▼▼▼

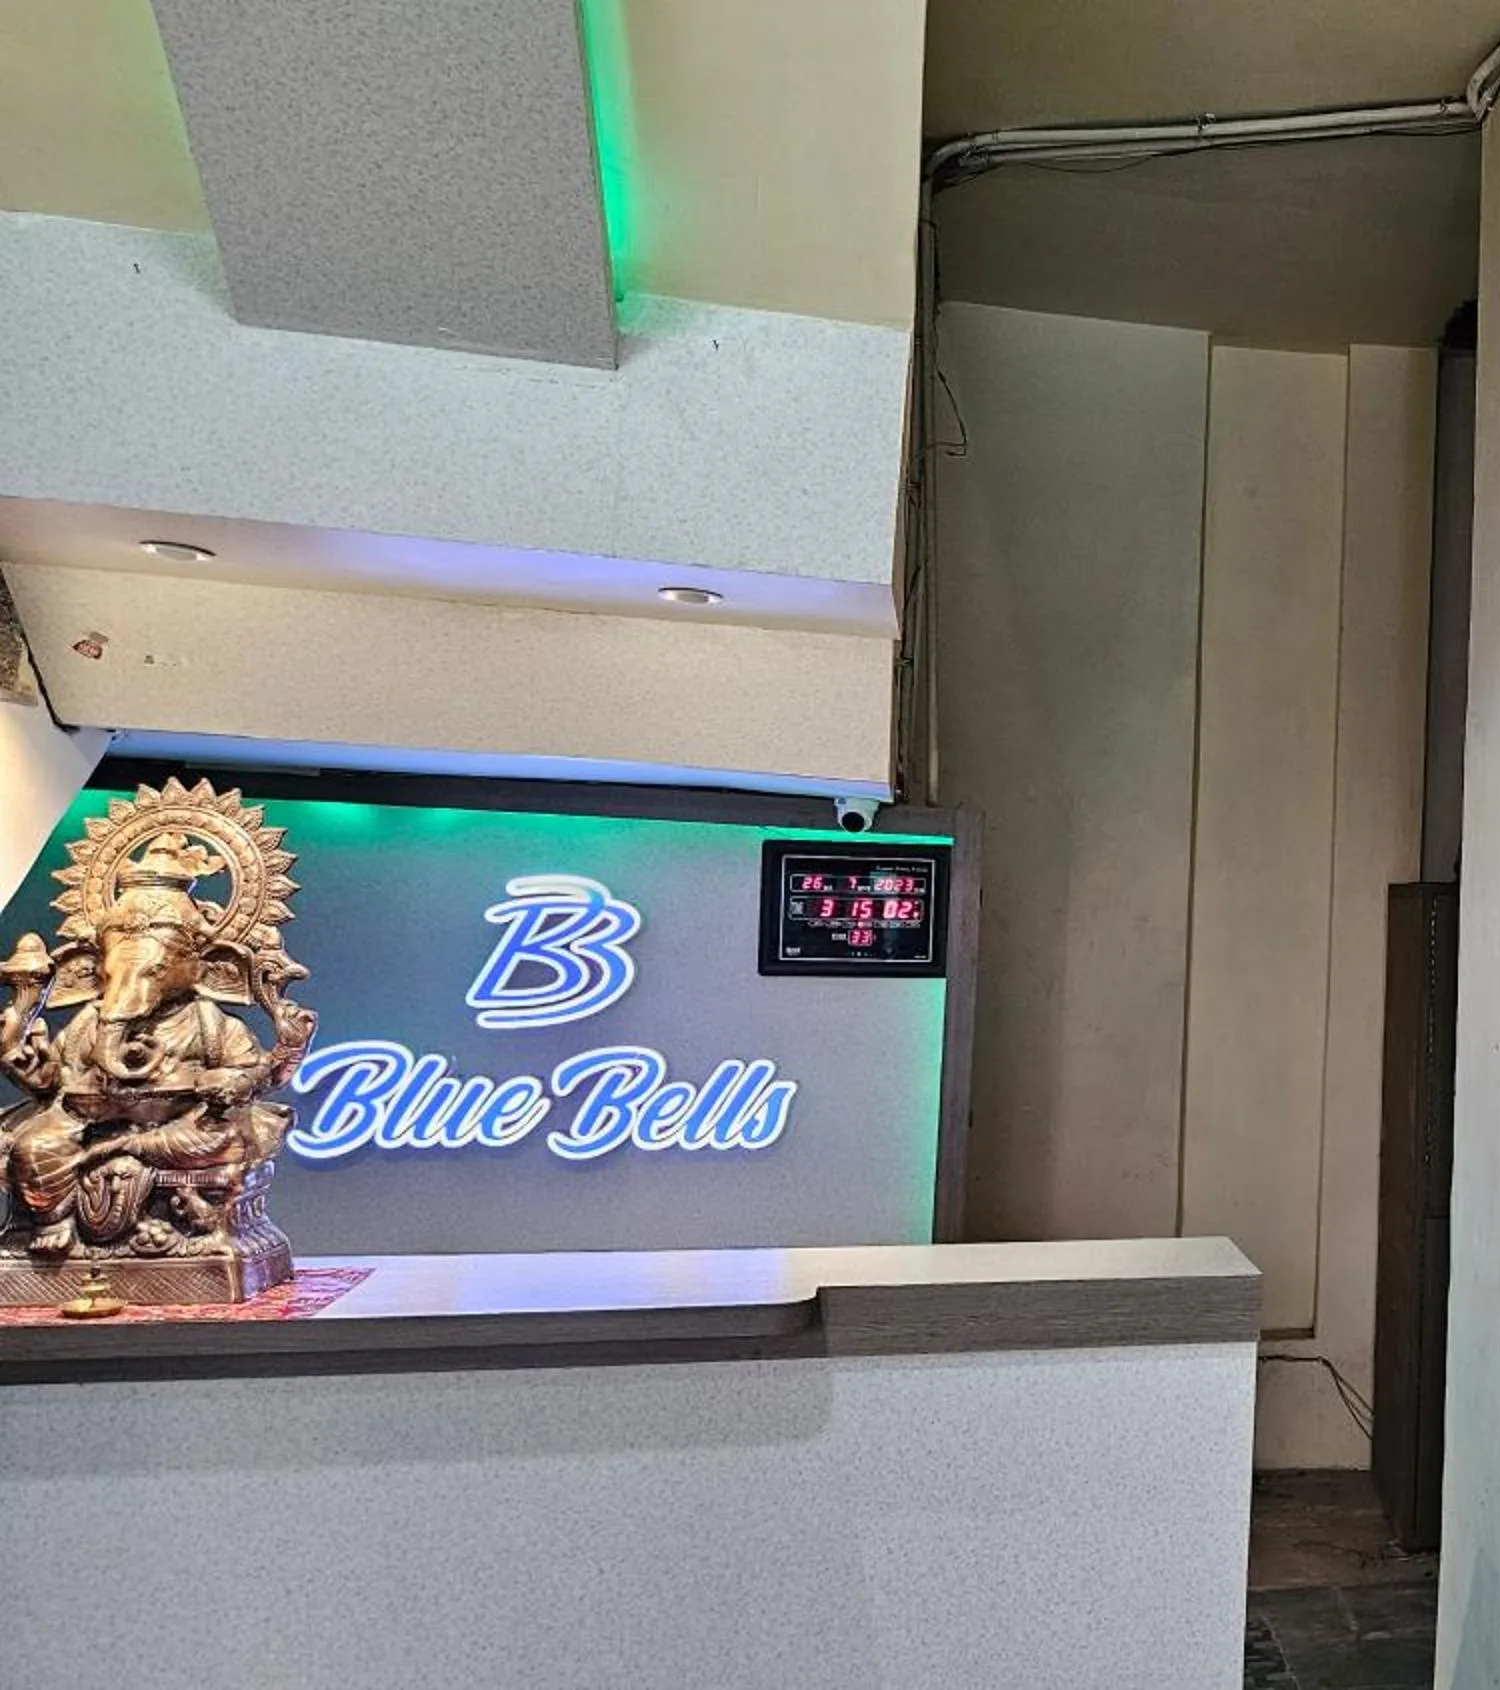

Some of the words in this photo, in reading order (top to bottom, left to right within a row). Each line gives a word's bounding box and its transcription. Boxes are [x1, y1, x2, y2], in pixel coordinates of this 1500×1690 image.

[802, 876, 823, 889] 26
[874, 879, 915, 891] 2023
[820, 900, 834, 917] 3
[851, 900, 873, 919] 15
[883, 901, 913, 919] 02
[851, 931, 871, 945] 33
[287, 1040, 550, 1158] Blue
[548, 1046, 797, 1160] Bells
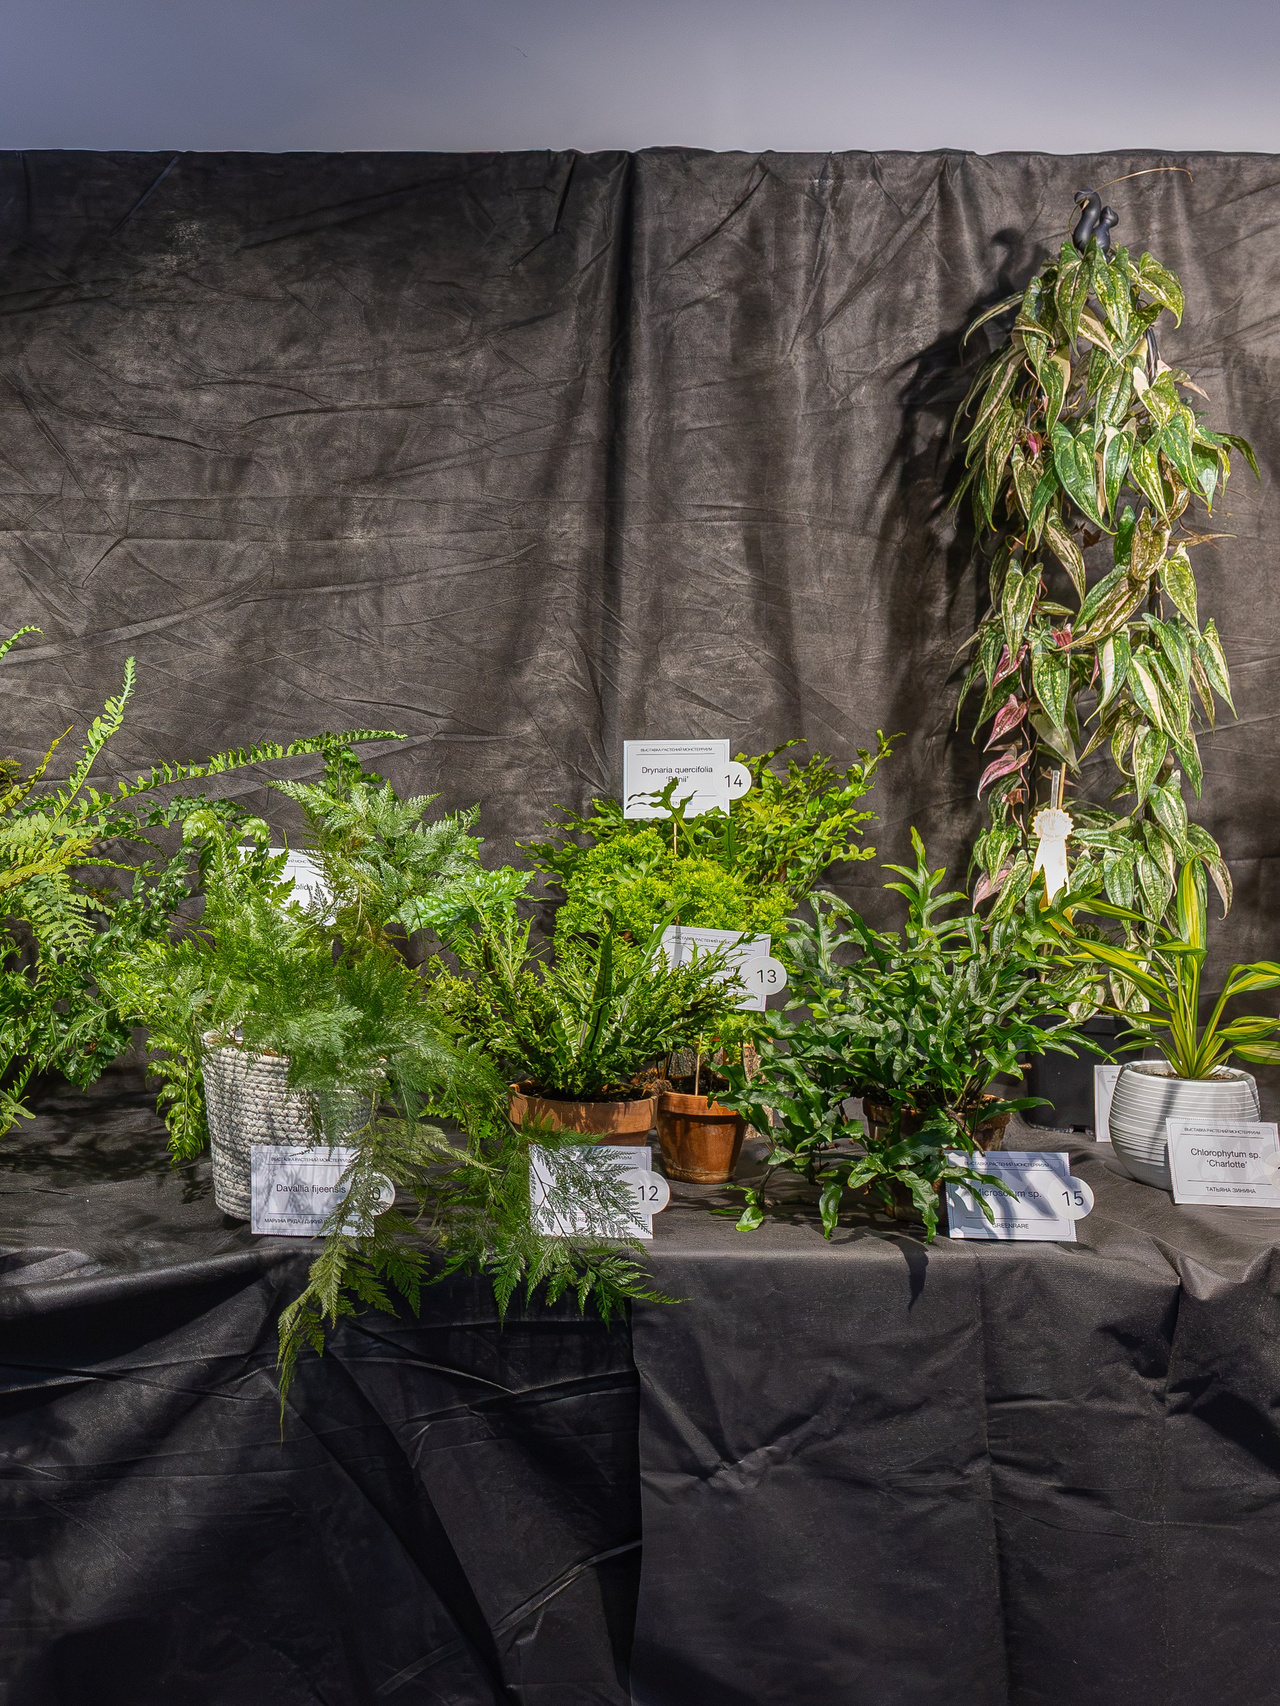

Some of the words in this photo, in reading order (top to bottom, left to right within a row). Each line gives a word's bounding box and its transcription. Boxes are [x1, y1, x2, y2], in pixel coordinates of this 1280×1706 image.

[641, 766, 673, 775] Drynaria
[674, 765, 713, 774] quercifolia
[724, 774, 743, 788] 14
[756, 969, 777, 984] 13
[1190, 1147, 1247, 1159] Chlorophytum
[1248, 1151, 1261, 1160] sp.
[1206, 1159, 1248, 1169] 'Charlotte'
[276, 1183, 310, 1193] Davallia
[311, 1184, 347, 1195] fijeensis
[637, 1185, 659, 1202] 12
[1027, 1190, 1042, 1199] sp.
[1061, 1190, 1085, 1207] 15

▲▲▲

Only the pictures stay behind; everything else in the data above is to be retyped exactly.

Some of the words in this photo, in reading order (top to bottom, left to right within a row). Each line gives a word's bounding box and its transcription. Boxes are [x1, y1, x2, y2], in pixel coordinates of this 1500×1690 image.

[802, 876, 823, 889] 26
[874, 879, 915, 891] 2023
[820, 900, 834, 917] 3
[851, 900, 873, 919] 15
[883, 901, 913, 919] 02
[851, 931, 871, 945] 33
[287, 1040, 550, 1158] Blue
[548, 1046, 797, 1160] Bells

Some of the words in this photo, in reading order (top to bottom, left to right within a row). Each line gives a word's bounding box and its transcription. Boxes are [x1, y1, x2, y2], in pixel coordinates of this 1280×1706 image.

[641, 766, 673, 775] Drynaria
[674, 765, 713, 774] quercifolia
[724, 774, 743, 788] 14
[756, 969, 777, 984] 13
[1190, 1147, 1247, 1159] Chlorophytum
[1248, 1151, 1261, 1160] sp.
[1206, 1159, 1248, 1169] 'Charlotte'
[276, 1183, 310, 1193] Davallia
[311, 1184, 347, 1195] fijeensis
[637, 1185, 659, 1202] 12
[1027, 1190, 1042, 1199] sp.
[1061, 1190, 1085, 1207] 15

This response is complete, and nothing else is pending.